Dataset items:
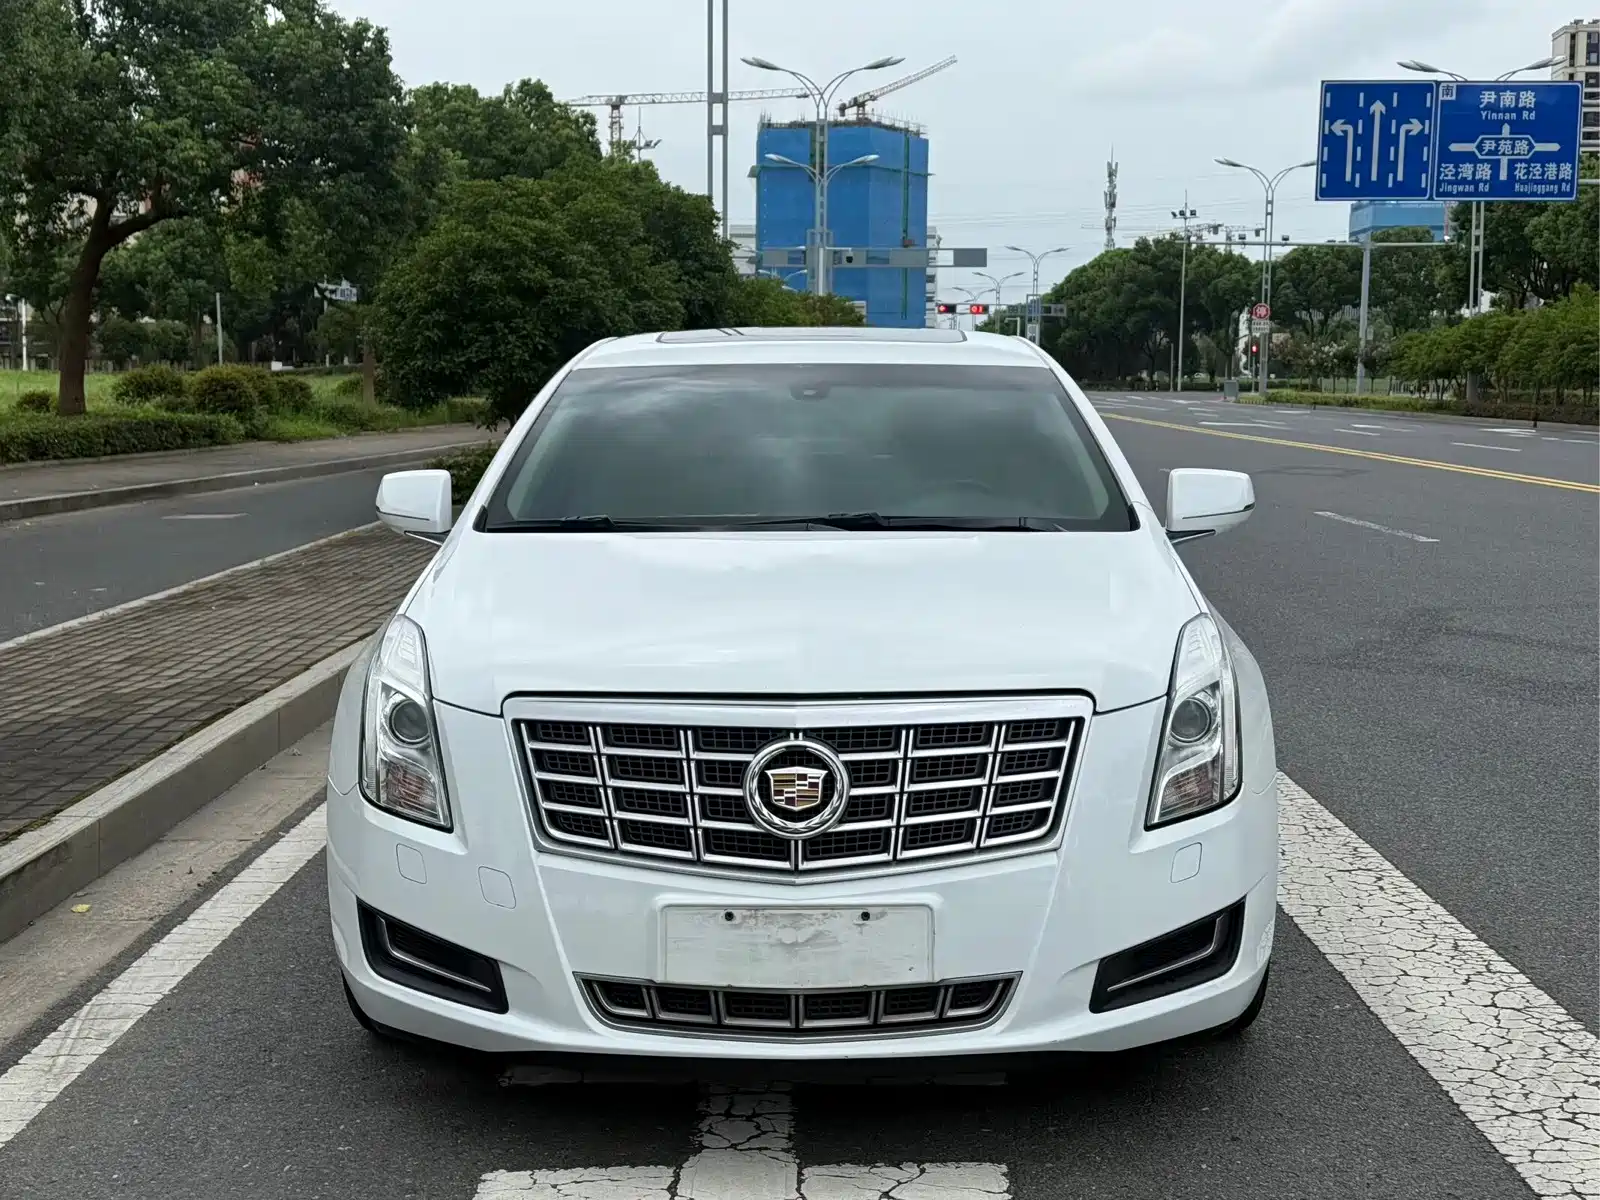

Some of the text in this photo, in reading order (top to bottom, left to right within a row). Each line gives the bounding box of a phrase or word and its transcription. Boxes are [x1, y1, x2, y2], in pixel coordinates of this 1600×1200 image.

[1441, 84, 1454, 99] 南
[1480, 90, 1536, 108] 尹南路
[1481, 110, 1536, 120] Yinnan Rd
[1481, 139, 1530, 154] 尹苑路
[1440, 163, 1492, 180] 泾湾路
[1514, 162, 1572, 180] 花泾港路
[1440, 183, 1489, 194] Jingwan Rd
[1515, 182, 1570, 194] Huajinggang Rd
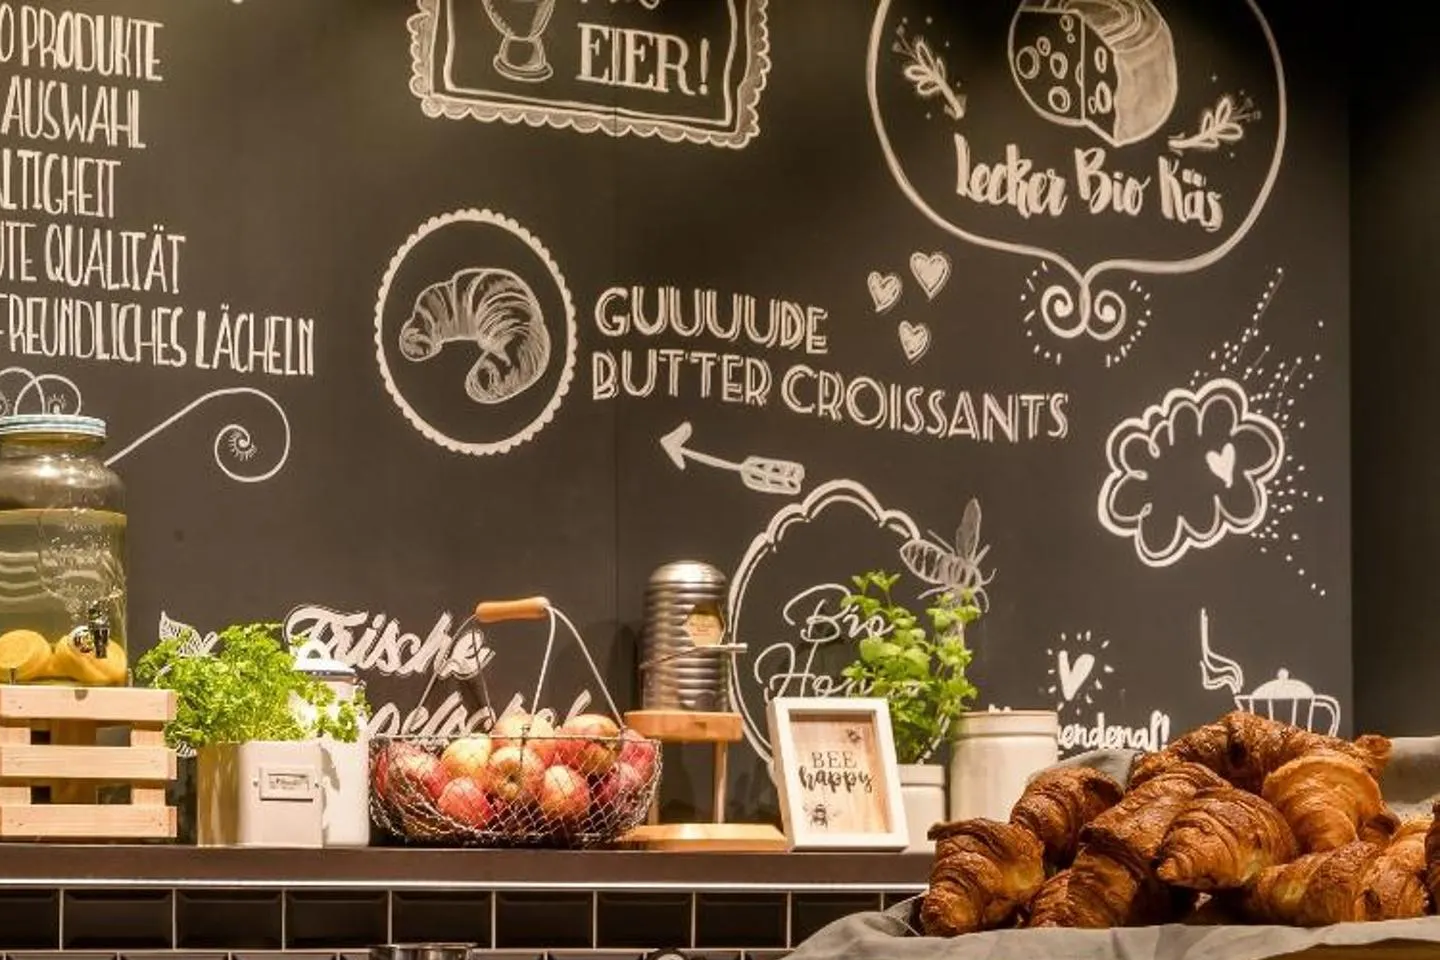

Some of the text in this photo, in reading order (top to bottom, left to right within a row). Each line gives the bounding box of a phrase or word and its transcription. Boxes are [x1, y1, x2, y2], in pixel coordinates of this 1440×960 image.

[21, 5, 164, 81] PRODUKTE
[575, 22, 710, 95] EIER!
[1, 75, 146, 149] AUSWAHL
[954, 133, 1068, 218] Lecker
[1074, 147, 1151, 216] Bio
[44, 224, 186, 294] QUALITÄT
[195, 303, 314, 376] LÄCHELN
[594, 287, 828, 355] GUUUUDE
[591, 347, 1069, 443] BUTTER CROISSANTS
[783, 583, 894, 642] Bio
[799, 765, 872, 793] happy
[812, 751, 856, 768] BEE
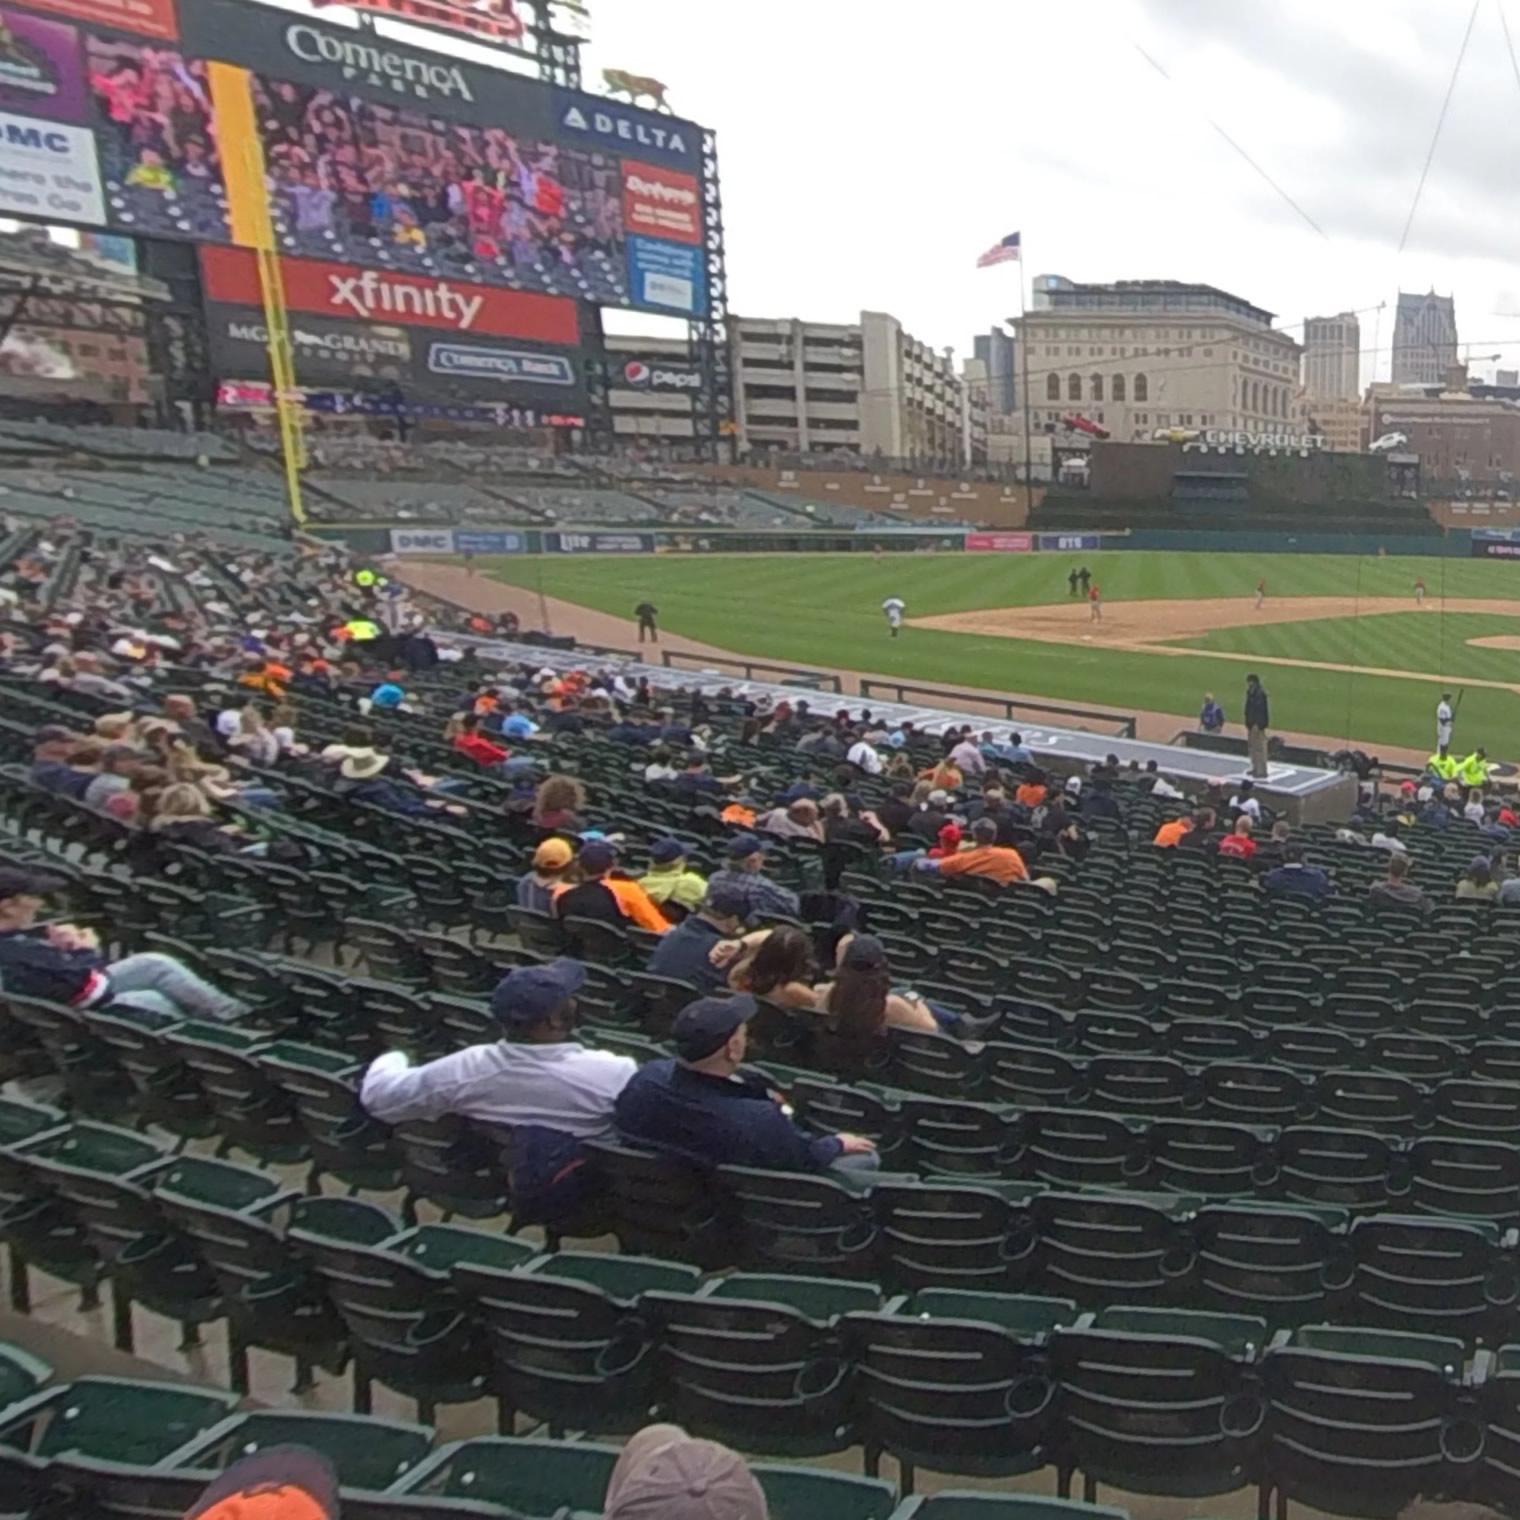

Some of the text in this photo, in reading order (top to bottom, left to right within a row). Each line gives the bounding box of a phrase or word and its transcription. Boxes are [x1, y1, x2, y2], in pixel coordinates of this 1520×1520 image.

● Task objective: Without the pictures, reproduce every entry exactly as written.

● Exercise response:
Some of the text in this photo, in reading order (top to bottom, left to right within a row). Each line gives the bounding box of a phrase or word and its transcription. Boxes are [x1, y1, x2, y2], in pixel coordinates of this 1600×1200 image.

[1441, 84, 1454, 99] 南
[1480, 90, 1536, 108] 尹南路
[1481, 110, 1536, 120] Yinnan Rd
[1481, 139, 1530, 154] 尹苑路
[1440, 163, 1492, 180] 泾湾路
[1514, 162, 1572, 180] 花泾港路
[1440, 183, 1489, 194] Jingwan Rd
[1515, 182, 1570, 194] Huajinggang Rd

Some of the text in this photo, in reading order (top to bottom, left to right within a row). Each line gives the bounding box of a phrase or word and its transcription. Boxes are [x1, y1, x2, y2], in pixel coordinates of this 1440×960 image.

[21, 5, 164, 81] PRODUKTE
[575, 22, 710, 95] EIER!
[1, 75, 146, 149] AUSWAHL
[954, 133, 1068, 218] Lecker
[1074, 147, 1151, 216] Bio
[44, 224, 186, 294] QUALITÄT
[195, 303, 314, 376] LÄCHELN
[594, 287, 828, 355] GUUUUDE
[591, 347, 1069, 443] BUTTER CROISSANTS
[783, 583, 894, 642] Bio
[799, 765, 872, 793] happy
[812, 751, 856, 768] BEE

Some of the text in this photo, in reading order (top to bottom, left to right within a row). Each line gives the bounding box of a phrase or word and its transcription. Boxes are [x1, y1, x2, y2], in pixel coordinates of this 1520×1520 image.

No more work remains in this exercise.